Reproduce the entries in full, with no changes.
---------- Data provided ----------
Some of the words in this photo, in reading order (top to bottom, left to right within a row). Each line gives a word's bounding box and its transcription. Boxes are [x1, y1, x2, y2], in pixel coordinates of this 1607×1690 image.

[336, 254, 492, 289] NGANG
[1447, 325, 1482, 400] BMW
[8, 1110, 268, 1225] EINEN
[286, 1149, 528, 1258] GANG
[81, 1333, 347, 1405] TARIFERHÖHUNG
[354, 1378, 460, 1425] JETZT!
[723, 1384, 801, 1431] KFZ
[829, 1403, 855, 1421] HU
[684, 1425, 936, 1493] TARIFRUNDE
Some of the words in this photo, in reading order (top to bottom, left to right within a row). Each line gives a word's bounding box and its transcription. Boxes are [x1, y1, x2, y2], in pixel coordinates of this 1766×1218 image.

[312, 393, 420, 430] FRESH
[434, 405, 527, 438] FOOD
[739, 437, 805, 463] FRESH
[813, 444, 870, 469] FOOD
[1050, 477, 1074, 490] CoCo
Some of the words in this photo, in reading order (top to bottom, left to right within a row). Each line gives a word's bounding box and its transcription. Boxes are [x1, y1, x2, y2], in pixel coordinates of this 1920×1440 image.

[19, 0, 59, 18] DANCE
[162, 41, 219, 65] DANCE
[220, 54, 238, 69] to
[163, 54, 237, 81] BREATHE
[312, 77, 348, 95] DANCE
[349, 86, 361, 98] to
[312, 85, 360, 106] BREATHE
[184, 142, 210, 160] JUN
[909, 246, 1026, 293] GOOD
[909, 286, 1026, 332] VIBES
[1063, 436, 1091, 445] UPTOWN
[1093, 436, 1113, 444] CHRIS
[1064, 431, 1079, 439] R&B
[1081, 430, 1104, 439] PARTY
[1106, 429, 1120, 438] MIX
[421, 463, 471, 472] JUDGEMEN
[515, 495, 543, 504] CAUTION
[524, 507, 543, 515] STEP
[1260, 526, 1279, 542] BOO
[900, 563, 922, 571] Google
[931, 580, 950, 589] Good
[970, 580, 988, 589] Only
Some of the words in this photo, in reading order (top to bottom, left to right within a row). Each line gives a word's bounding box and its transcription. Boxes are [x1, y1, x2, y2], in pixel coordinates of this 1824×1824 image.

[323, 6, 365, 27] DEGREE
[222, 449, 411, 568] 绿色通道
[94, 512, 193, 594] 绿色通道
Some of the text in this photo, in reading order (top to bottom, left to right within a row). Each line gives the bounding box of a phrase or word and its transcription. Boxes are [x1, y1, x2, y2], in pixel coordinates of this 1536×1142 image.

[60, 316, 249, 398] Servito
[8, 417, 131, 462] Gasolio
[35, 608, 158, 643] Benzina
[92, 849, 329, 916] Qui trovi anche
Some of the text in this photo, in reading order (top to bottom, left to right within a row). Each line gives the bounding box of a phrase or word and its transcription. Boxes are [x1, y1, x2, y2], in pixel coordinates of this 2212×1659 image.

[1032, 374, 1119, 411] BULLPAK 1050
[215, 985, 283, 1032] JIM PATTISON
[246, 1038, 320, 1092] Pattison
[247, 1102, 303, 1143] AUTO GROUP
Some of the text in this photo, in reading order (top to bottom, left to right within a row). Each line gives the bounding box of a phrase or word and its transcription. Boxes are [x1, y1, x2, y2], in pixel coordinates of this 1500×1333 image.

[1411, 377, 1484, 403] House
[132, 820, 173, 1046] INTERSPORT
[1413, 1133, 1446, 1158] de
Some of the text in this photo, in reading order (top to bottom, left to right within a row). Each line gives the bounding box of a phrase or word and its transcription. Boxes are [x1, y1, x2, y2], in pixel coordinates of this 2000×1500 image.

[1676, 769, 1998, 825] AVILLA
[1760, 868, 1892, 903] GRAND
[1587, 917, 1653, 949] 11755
----------
Task answer
Some of the words in this photo, in reading order (top to bottom, left to right within a row). Each line gives a word's bounding box and its transcription. Boxes are [x1, y1, x2, y2], in pixel coordinates of this 1607×1690 image.

[336, 254, 492, 289] NGANG
[1447, 325, 1482, 400] BMW
[8, 1110, 268, 1225] EINEN
[286, 1149, 528, 1258] GANG
[81, 1333, 347, 1405] TARIFERHÖHUNG
[354, 1378, 460, 1425] JETZT!
[723, 1384, 801, 1431] KFZ
[829, 1403, 855, 1421] HU
[684, 1425, 936, 1493] TARIFRUNDE
Some of the words in this photo, in reading order (top to bottom, left to right within a row). Each line gives a word's bounding box and its transcription. Boxes are [x1, y1, x2, y2], in pixel coordinates of this 1766×1218 image.

[312, 393, 420, 430] FRESH
[434, 405, 527, 438] FOOD
[739, 437, 805, 463] FRESH
[813, 444, 870, 469] FOOD
[1050, 477, 1074, 490] CoCo
Some of the words in this photo, in reading order (top to bottom, left to right within a row). Each line gives a word's bounding box and its transcription. Boxes are [x1, y1, x2, y2], in pixel coordinates of this 1920×1440 image.

[19, 0, 59, 18] DANCE
[162, 41, 219, 65] DANCE
[220, 54, 238, 69] to
[163, 54, 237, 81] BREATHE
[312, 77, 348, 95] DANCE
[349, 86, 361, 98] to
[312, 85, 360, 106] BREATHE
[184, 142, 210, 160] JUN
[909, 246, 1026, 293] GOOD
[909, 286, 1026, 332] VIBES
[1063, 436, 1091, 445] UPTOWN
[1093, 436, 1113, 444] CHRIS
[1064, 431, 1079, 439] R&B
[1081, 430, 1104, 439] PARTY
[1106, 429, 1120, 438] MIX
[421, 463, 471, 472] JUDGEMEN
[515, 495, 543, 504] CAUTION
[524, 507, 543, 515] STEP
[1260, 526, 1279, 542] BOO
[900, 563, 922, 571] Google
[931, 580, 950, 589] Good
[970, 580, 988, 589] Only
Some of the words in this photo, in reading order (top to bottom, left to right within a row). Each line gives a word's bounding box and its transcription. Boxes are [x1, y1, x2, y2], in pixel coordinates of this 1824×1824 image.

[323, 6, 365, 27] DEGREE
[222, 449, 411, 568] 绿色通道
[94, 512, 193, 594] 绿色通道
Some of the text in this photo, in reading order (top to bottom, left to right within a row). Each line gives the bounding box of a phrase or word and its transcription. Boxes are [x1, y1, x2, y2], in pixel coordinates of this 1536×1142 image.

[60, 316, 249, 398] Servito
[8, 417, 131, 462] Gasolio
[35, 608, 158, 643] Benzina
[92, 849, 329, 916] Qui trovi anche
Some of the text in this photo, in reading order (top to bottom, left to right within a row). Each line gives the bounding box of a phrase or word and its transcription. Boxes are [x1, y1, x2, y2], in pixel coordinates of this 2212×1659 image.

[1032, 374, 1119, 411] BULLPAK 1050
[215, 985, 283, 1032] JIM PATTISON
[246, 1038, 320, 1092] Pattison
[247, 1102, 303, 1143] AUTO GROUP
Some of the text in this photo, in reading order (top to bottom, left to right within a row). Each line gives the bounding box of a phrase or word and its transcription. Boxes are [x1, y1, x2, y2], in pixel coordinates of this 1500×1333 image.

[1411, 377, 1484, 403] House
[132, 820, 173, 1046] INTERSPORT
[1413, 1133, 1446, 1158] de
Some of the text in this photo, in reading order (top to bottom, left to right within a row). Each line gives the bounding box of a phrase or word and its transcription. Boxes are [x1, y1, x2, y2], in pixel coordinates of this 2000×1500 image.

[1676, 769, 1998, 825] AVILLA
[1760, 868, 1892, 903] GRAND
[1587, 917, 1653, 949] 11755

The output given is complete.